Cheryl cut him off. “And you’re not going to publish anything on Shakespeare, are you? You haven’t got the guts.”

She was right. He didn’t have the guts. He tried to put a gloss on his inaction by telling her he needed more conclusive proof before venturing into print. To claim the existence of a second Shakespeare on decrypted evidence would be hard enough without the further suggestion that this shadowy co-author was actually Queen Elizabeth’s love child. His academic career was hanging by a thread as it was. He couldn’t afford to go off half cock, he said.

But she wasn’t prepared to listen to such feeble excuses. “That’s garbage, that is! That’s your posh American bitch talking, not you. She’s still controlling your mind. So what hope is there for me, a Hackney scrubber? I’ll tell you, none whatsoever. I’m leaving now, Freddie, and I won’t be back.”      

She had been good to her word. Cheryl had caught a train to London that day, presumably to stay with her heroin addict of a mother in that damp, nicotine stained flat she called home. “It’s an evil smelling dump,” she had once admitted, “but Dawn can’t afford anything better and she’s got Lamar and Tats to think of.” They were Cheryl’s half brother and sister. At least she has a family, he thought, lapsing into self-pity.

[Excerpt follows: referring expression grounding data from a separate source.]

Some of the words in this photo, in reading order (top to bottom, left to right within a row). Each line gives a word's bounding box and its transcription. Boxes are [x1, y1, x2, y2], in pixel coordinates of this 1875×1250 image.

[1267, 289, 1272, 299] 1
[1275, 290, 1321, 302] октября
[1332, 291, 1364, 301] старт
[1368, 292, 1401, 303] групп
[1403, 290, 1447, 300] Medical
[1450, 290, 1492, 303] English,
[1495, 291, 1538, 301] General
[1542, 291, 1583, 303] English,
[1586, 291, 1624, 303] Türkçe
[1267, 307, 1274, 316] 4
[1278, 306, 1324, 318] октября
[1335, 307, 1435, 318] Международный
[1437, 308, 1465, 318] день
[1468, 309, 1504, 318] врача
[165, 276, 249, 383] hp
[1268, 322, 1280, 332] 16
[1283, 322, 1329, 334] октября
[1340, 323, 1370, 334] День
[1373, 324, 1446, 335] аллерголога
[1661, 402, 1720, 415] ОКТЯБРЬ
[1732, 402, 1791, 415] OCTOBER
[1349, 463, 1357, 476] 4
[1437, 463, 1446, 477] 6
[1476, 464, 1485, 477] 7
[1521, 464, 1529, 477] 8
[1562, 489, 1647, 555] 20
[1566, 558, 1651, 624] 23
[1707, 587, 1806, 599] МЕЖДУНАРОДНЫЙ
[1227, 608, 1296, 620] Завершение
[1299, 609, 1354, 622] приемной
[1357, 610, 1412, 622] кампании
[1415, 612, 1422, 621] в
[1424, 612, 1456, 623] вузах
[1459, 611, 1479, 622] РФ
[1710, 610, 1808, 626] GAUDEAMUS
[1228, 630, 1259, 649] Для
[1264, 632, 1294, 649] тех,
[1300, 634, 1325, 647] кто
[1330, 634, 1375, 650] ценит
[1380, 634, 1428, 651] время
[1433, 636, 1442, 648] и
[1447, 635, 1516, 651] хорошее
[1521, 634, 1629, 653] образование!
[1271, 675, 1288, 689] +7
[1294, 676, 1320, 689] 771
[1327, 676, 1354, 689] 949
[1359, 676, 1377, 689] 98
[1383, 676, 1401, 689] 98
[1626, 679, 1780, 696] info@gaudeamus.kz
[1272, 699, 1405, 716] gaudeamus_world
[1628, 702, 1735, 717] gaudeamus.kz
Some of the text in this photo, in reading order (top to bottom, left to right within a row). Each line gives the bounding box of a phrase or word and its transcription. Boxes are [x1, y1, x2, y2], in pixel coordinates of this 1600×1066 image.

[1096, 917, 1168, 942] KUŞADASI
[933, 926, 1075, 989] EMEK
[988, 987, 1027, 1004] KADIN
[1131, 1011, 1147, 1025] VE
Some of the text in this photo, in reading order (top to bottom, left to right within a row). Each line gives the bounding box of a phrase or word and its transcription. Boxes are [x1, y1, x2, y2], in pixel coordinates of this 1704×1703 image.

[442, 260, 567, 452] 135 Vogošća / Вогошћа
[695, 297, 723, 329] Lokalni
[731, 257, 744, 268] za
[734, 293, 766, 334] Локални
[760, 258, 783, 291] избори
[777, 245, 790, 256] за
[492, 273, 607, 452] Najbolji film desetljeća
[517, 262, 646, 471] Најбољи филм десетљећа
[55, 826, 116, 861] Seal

As the action quickened so Hamlet’s failure to deal with his treacherous uncle seemed less excusable. He talked about revenge but did not take it: a dithering hero who thought too much and did too little. Rather like me, Freddie supposed, passive, impotent and short of hope.

While the tragedy moved towards its inexorable climax on a stage strewn with bodies Freddie had a further thought. At its most basic level,
Hamlet
was about the consequences of deceit and treachery. Claudius murdered his brother because he coveted the crown and his sister-in-law; Rosencrantz and Guildenstern betrayed the bonds of friendship by spying on the prince whose feigned madness drove Ophelia to commit suicide and Laertes to dishonour the duelling code by poisoning his rapier. One betrayal had led to another and each was devastating. The play ended in a massacre with the entire royal family poisoned to death. Was this Francis Bacon’s idea? Or was he merely trying to show in an admittedly melodramatic fashion what happened when a cover-up took place; how concealing the truth had a knock-on effect, widening the web of conspiracy.